Он продолжил обыск. В карманах штанов погибшего нашлось несколько десятирублёвых купюр, тоже изрядно замусоленных, и компас в пластмассовом футляре. Из-за голенища раздолбанных, коричневых от старости кирзовых сапог капитан извлёк длинную финку с наборной плексигласовой рукояткой и острым как бритва лезвием.

– А мужичок-то того… С жалом оказался, – заметил Фролов. – Странно, что он таким пёрышком для самообороны не воспользовался…

Углядев за спиной убитого тощий вещмешок, перекинутый через правое плечо, капитан приподнял тело, расправил закостеневшую уже руку трупа и вытянул из-под него ношу. Распустив лямки, захлёстнутые петлёй у горловины, вытряхнул содержимое на живот покойника. Внутри оказалась пустая солдатская фляжка в брезентовом чехле, половина краюхи тёмного хлеба, шмат сала с ладонь величиной в промасленной обёрточной бумаге, узелок с крупного помола солью, несколько кусочков пилёного сахара в картонной коробочке, пригоршня чая в газетном свёртке, ржаные сухари в чистой с виду белой тряпице, пара шерстяных носков домашней вязки.

– Для бомжа мужик аккуратный. На алкаша не похож, – подвёл итог своим изысканиям Фролов.

Осторожно касаясь одежды убитого кончиками пальцев, капитан расстегнул на нём ватник. И сразу же увидел под ним серую нательную рубаху вроде тех, что носят солдаты в армии, а на животе поверх рубахи – широкий пояс, напоминающий охотничий патронташ из дерматина с вертикально пришитыми кармашками, застёгнутыми на пуговички, в каждом из которых могли спокойно уместиться пара пачек сигарет.

– Шахид! Пояс смертника! – отшатнулся испуганно молодой милиционер.

– Не то, – уже догадавшись, с чем имеет дело, процедил сквозь зубы Фролов.

Расстегнув клапан одного из кармашков, он не без труда извлёк оттуда тяжёлый брусок металла. Взвесив его на руке, рассмотрев при неверном свете фонаря, удовлетворённо щёлкнул по нему ногтем. Потом протянул постовому:

– Держи!

– Что это? – настороженно принял брусок тот.

– Золото. Полюбуйся, а то жизнь проживёшь и не увидишь больше такого. – Достав сигарету, закурил, покачав задумчиво головой: – Этот мужичок драгметалла на себе на несколько сотен тысяч баксов таскал. А ты говоришь – бомж…

 

3

Через несколько минут к месту преступления подъехало сразу три автомобиля – прокурор, эксперты-криминалисты, опера из Промышленного РОВД. У тела убитого началась неторопливая, выверенная годами работа, озаряемая время от времени сполохами фотовспышек.
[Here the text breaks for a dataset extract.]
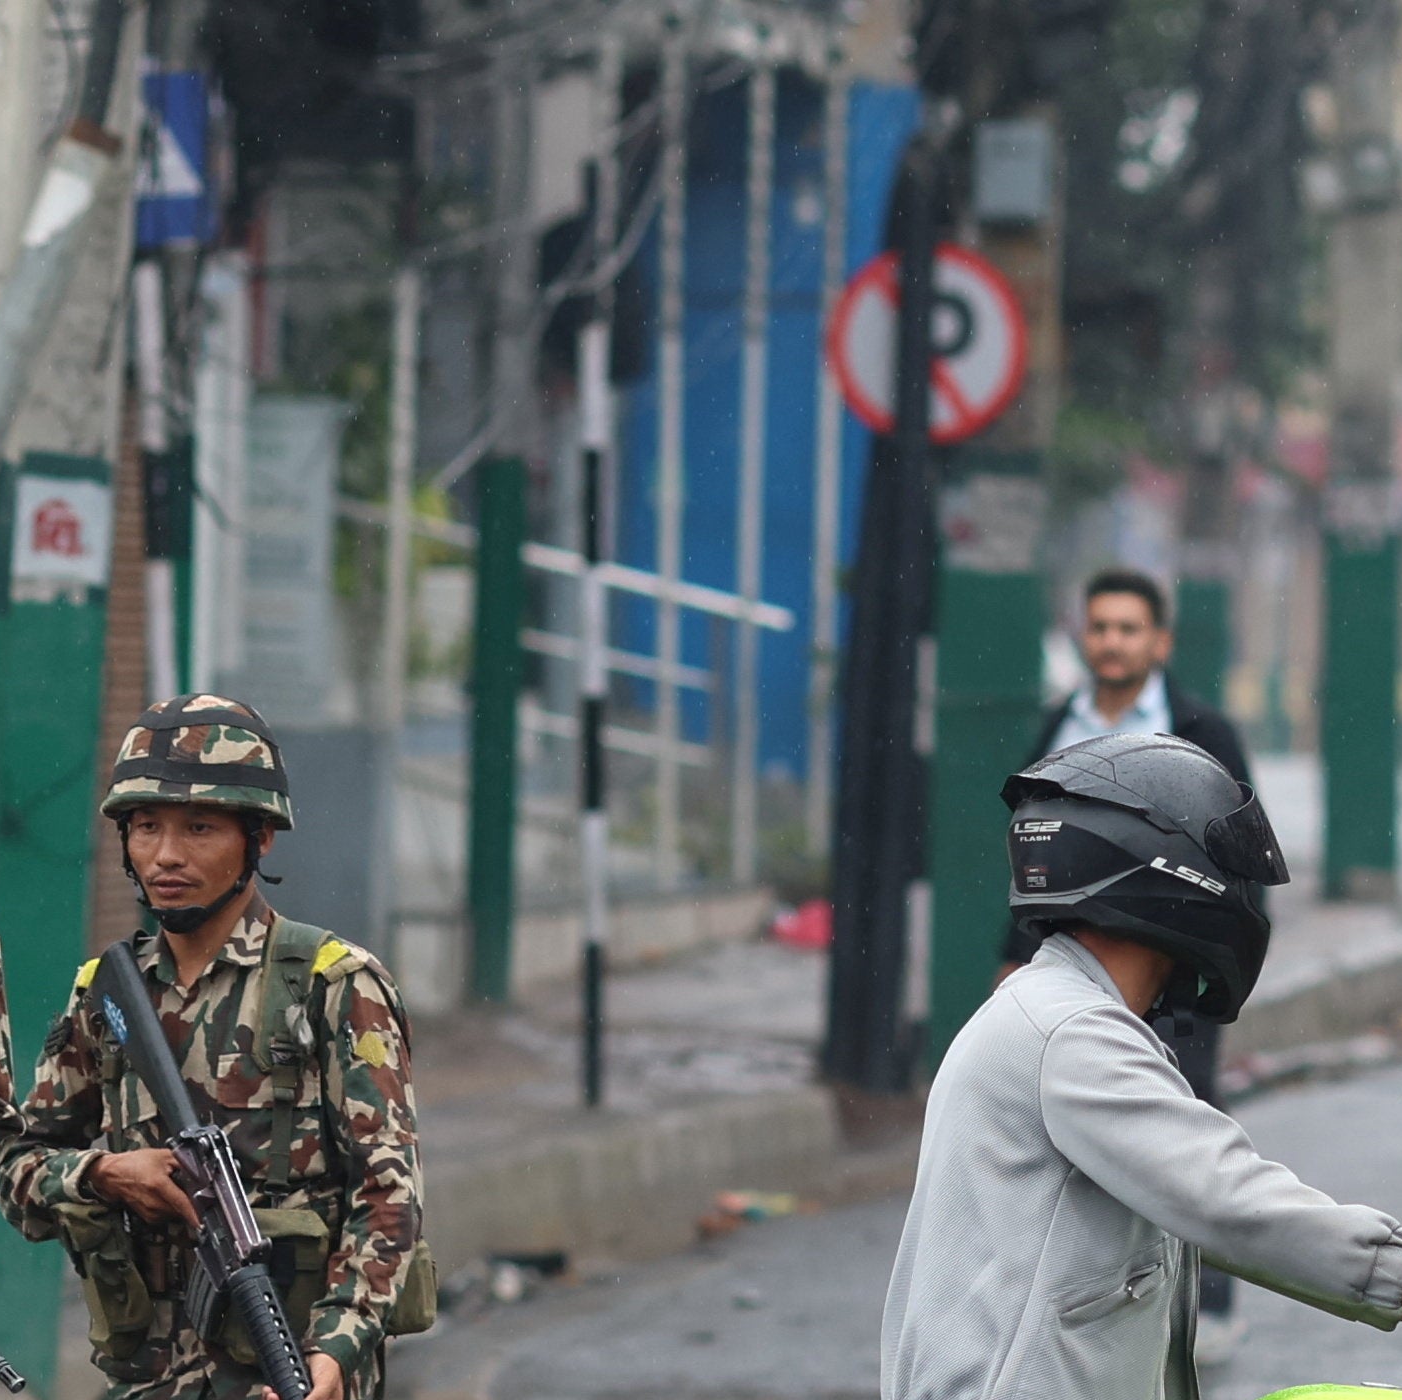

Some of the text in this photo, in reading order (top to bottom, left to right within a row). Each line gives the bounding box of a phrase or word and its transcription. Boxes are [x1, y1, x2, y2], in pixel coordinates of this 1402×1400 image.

– На бытовуху случившееся явно не тянет, – веско изрёк толстый, вальяжный прокурор, понянчив в руках килограммовый золотой слиток. – Надо товарищей из ФСБ подключать.

– Валяйте, – равнодушно согласился Фролов. – А наше дело служивое. Задержать убийц да расколоть. А если федералы на себя это дело возьмут… что ж, как говорится, баба с возу – кобыле легче.

– Ответственности за раскрытие данного преступления с вас пока никто не снимал, – заметил неприязненно прокурор, искоса глянув на капитана как на мелкую оперативную сошку, не демонстрирующую почтительности к надзорному органу. – Так что приступайте к исполнению своих прямых обязанностей. И представьте нам виновных в преступлении лиц. Ну а мы уж без вас разберёмся с юрисдикцией этого дела…

Фролов, скривившись, отошёл в сторону. Он терпеть не мог прокурорских работников – как на подбор холёных и спесивых. Это лишь в телесериалах они гоняются с пистолетами в руках за преступниками, а в реальной жизни просиживают штаны в кабинетах, щеголяют отутюженной формой, курят дорогие сигареты и презирают ментов как «чёрную кость».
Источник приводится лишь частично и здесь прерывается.